Estamos atravessando um momento de polarização de pontos de vista e mesmo assim pouca gente discordaria da afirmação: “A solução para o Brasil é investir massivamente em educação pública de boa qualidade.” Educação é geralmente entendida como o remédio para mitigar a desigualdade que está na raiz de males como a violência urbana.
Eu
morei durante 15 meses em um povoado trabalhador na “periferia da
periferia da periferia” de Salvador. E aprendi que os maiores promotores
da escolaridade no chamado “Brasil profundo” hoje não são as escolas e
os professores, mas a Internet e as igrejas evangélicas.
Vou explicar essa afirmação resumidamente neste artigo, mas se você quiser saber mais, leia o capítulo 5 do meu livro Mídias Sociais no Brasil Emergente, lançado pela Educ e disponível a venda em papel ou gratuitamente em PDF.Contexto
Entre abril de 2013 e agosto de 2014 eu vivi em um povoado que vou chamar pelo nome fictício de Balduíno.

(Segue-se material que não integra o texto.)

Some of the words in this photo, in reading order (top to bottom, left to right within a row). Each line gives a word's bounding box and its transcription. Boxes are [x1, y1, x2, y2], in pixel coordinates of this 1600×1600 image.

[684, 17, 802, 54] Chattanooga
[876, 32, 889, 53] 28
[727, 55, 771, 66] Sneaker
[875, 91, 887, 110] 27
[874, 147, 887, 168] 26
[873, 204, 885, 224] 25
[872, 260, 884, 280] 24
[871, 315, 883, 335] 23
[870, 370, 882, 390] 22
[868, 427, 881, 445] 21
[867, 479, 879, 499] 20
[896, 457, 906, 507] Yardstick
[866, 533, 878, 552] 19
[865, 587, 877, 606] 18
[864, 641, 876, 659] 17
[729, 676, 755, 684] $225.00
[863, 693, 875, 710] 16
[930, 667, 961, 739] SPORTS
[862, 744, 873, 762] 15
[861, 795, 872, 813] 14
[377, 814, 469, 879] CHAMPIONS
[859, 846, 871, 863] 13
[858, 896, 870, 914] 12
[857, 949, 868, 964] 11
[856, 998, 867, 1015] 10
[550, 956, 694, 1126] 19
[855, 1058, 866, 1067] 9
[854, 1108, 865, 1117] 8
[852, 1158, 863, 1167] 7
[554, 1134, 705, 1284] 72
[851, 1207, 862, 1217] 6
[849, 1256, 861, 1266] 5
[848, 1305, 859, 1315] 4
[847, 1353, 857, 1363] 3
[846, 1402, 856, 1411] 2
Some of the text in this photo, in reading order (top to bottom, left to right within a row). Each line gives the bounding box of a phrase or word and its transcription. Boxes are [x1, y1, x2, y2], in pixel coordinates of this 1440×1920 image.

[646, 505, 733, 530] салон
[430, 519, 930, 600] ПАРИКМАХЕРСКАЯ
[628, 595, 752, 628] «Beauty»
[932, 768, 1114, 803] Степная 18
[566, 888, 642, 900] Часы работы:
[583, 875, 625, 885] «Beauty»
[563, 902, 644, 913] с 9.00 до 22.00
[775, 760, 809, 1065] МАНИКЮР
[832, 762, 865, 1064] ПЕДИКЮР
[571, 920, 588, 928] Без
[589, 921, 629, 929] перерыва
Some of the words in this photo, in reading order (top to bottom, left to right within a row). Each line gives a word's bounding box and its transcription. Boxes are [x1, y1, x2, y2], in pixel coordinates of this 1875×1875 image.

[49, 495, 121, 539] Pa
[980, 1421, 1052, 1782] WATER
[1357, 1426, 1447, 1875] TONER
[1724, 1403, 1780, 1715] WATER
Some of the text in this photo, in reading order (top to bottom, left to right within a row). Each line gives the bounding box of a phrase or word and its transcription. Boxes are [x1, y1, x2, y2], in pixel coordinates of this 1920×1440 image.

Eu estava lá como antropólogo fazendo a pesquisa de campo para um
projeto de doutorado sobre como o pobre brasileiro entende e usa as
mídias sociais.
Sobre o tema da educação, eu aprendi que o acesso ao ensino público em Balduíno mudou radicalmente nos últimos 30 anos.
Os adultos do povoado
tiveram à disposição 4 anos de curso, mas seus filhos hoje têm 12 e
podem terminar o ensino médio. E o acesso à escola hoje é facilitado por
causa de transporte, material e merenda oferecidos universalmente.
Por isso, o número de alunos que
nos anos 1980 era de algumas dezenas de crianças passou hoje para mais
de 2.000 jovens em um povoado de 15.000 habitantes. E isso inclui
aqueles mais vulneráveis que precisam estar matriculados para receber
auxílios como o Bolsa Família.
Uma creche para os mais velhos
Apesar de todo esse avanço, a
escola não é percebida pela maioria das famílias como um lugar para os
filhos adquirirem tipos de treinamento para melhorar suas perspectivas
profissionais.
Na verdade, para muitos pais e
mães, a escola é apenas uma espécie de creche para seus filhos não
passarem o dia desacompanhados nas ruas, no período em que os adultos
estão trabalhando. Ou seja, os locais querem ter onde deixar seus
filhos, mas não se interessam pelo desempenho deles nas aulas.
Minha pesquisa registrou vários motivos para esse desinteresse:
- Os professores geralmente não moram na localidade e por isso pais e mães têm medo, por não conhecer a vida pessoal desses profissionais, que eles façam mal aos filhos (como predadores sexuais, por exemplo)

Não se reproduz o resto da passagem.